My system remained online, strange.
- no recommendations from Netgear as to how to approach a system upgrade/expansion (eg., should I replace one drive at a time, complete initializaiton, synchronization & expansion then move to next drive, or replace all intended drives - in my case 4 - and then do expansion)
I see your point, but I think your experience is such since this is the first time you are doing it. I think it's pretty well known with NAS and HotSwap RAID systems how to approach drive changes.
- drive 4 failed the sync process shortly after initalization was complete. I removed the drive and reinserted. It immediately skipped the initiazliation process and appeared to successfully complete the sync process thereafter.
Not sure what to say here, I would keep close look at the SMART data of this drive. Could be the drive, could be a bad connection with the NAS.
- 3 hours after expansion completed, the logs warn of, "Reallocated sector count has increased in the last day. Disk 2: Previous count: 0 Current count: 1 Growing SMART errors indicate a disk that may fail soon. If the errors continue to increase, you should be prepared to replace the disk."
As I have not had this issue during the prior 3 years with the NV+ and the 4 - 750GB drives, is this something to be concerned about? I realize this is 'only' one sector. However, having read some of the other reports in the forum I'm more interested in what Netgear's certification process entails in order to find a drive on their compatibility list. Are there hours of burn in, performance stress tests, swap / expansion tests, etc.
Definitely issue with the drive. Keep on the look-out, if the number does go up, RMA the drive. Bigger drives get bad sectors all the time, and drive manufacturers are getting lazy. I can't believe how many 1.5 TB seagates are failing all over the place, and seagate is still reporting the failure rate of .32%.
In this entire thread there has not been any responses from the forum reps. 'Skywalker' has responded to PMs for assistance. However, for the benefit of the greater community, I would request that Netgear provide a response to this summary, my concerns and commit to improvements in documentation.
This NAS is for home use and serving my home media distribution. As such, it isn't mission critical from a business perspective. However, if this had been in a business environment, had this been tax time and I needed access to my data I would be thoroughly concerned and disappointed that the system was unavailable for the duration of the expansion process with no warning - and, no indication of how long that might take. There is some algorithm used to determine how long the initialization / sync process takes as repoted in the logs. They should be able to determine how long the sync process should take. 53 hours is a long time to be without a system in any circumstance.

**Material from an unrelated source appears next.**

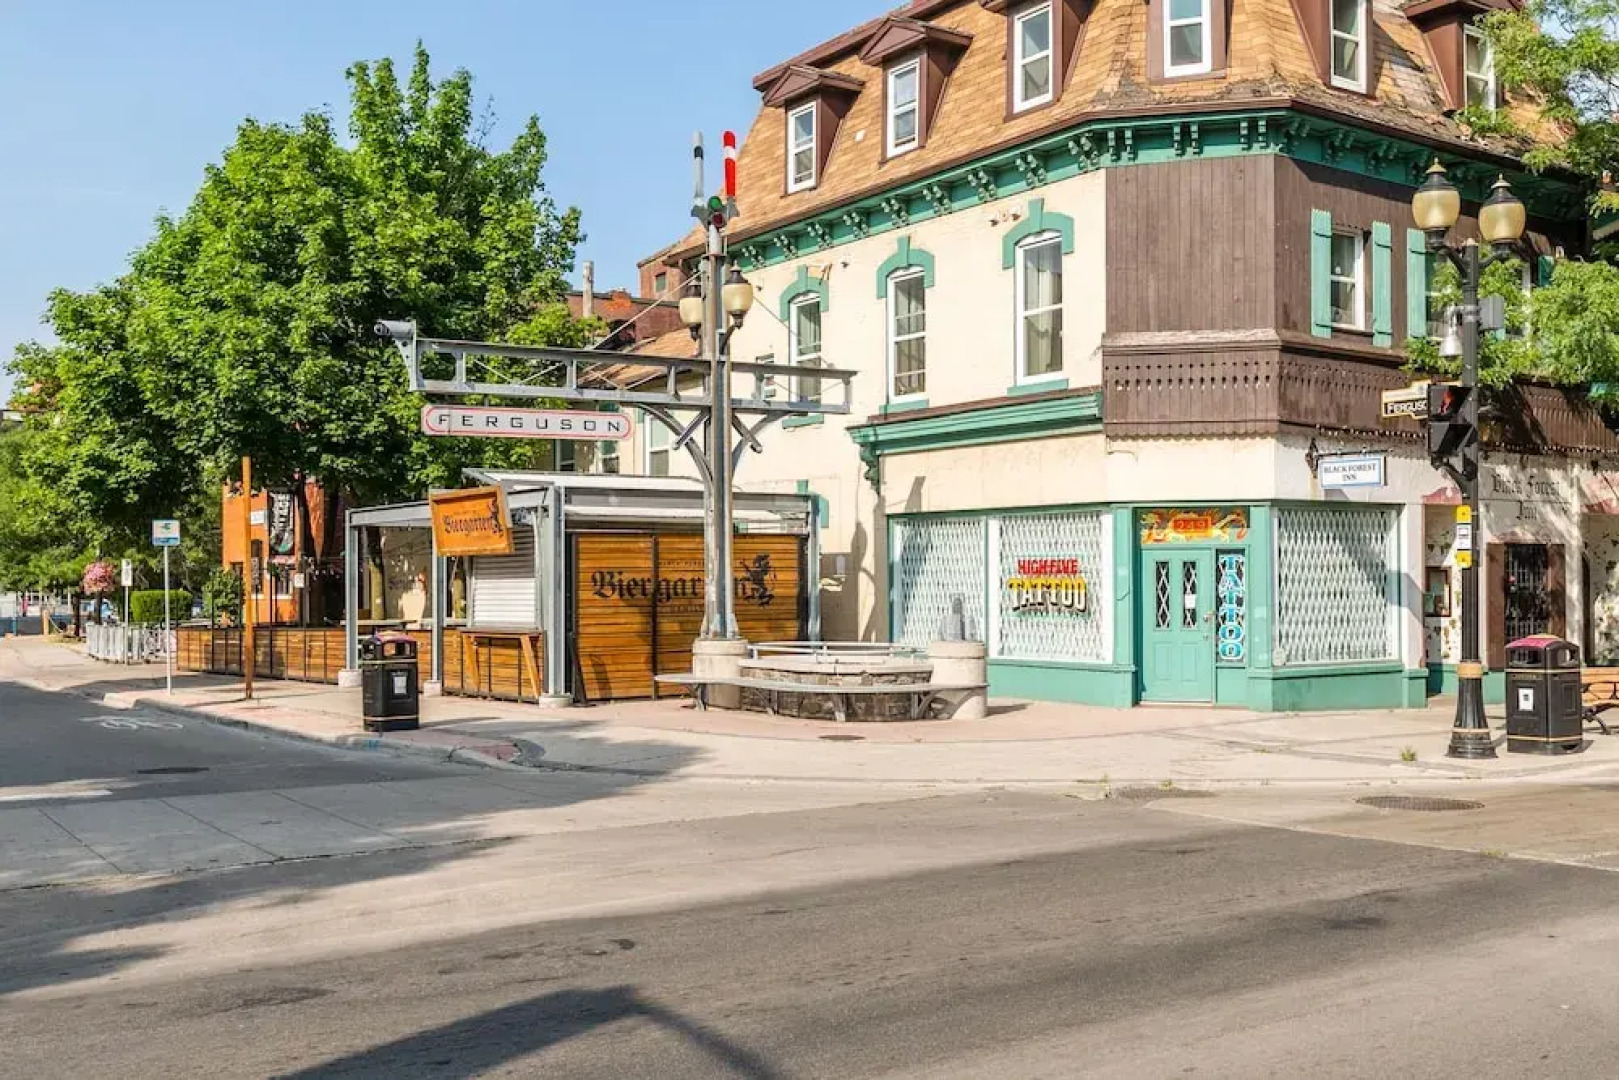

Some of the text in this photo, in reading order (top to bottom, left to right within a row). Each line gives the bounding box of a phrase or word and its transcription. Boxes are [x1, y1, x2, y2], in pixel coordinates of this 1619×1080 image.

I hope this information helps someone. Please feel free to PM or email me with any questions or need for any detail. I will continue to report here should the logs indicate any additional warnings or failures.
Sure does, I think this is a great log. :D - SteinyDTutor
nvladik wrote: - no prior warnings of estimated time required to complete expansion time
A bit hard to calculate it. It is estimated int he volumes section of front view, but I noticed myself that the time changes as the speed goes down. My initial estimate was 12 hours, 12 hours later I still have 8 to go.
Unfortunately, that is incorrect. The estimated time provided is for sync only. During expansion it only indicates % complete but even that is misleading as it goes through an expansion process no less than 3 times, each with extremely different intervals (4 hrs, 30 seconds, 49 hours). Again, this is undocumented which does not provide any advance planning opportunities.
- no prior warning that system would be unavailable during expansion process. The Jedia Council is indicating that NAS systems with a factory default firmware of 4.x or greater will do an expansion online (your system remains available). My documentation or any warnings 'before continuing' did not indicate this to me.
My system remained online, strange.
As mentioned, 'Skywalker' informed me that this depends upon the firmware installed at initial system default configuration. Again, not documented to my knowledge.
- no recommendations from Netgear as to how to approach a system upgrade/expansion (eg., should I replace one drive at a time, complete initializaiton, synchronization & expansion then move to next drive, or replace all intended drives - in my case 4 - and then do expansion)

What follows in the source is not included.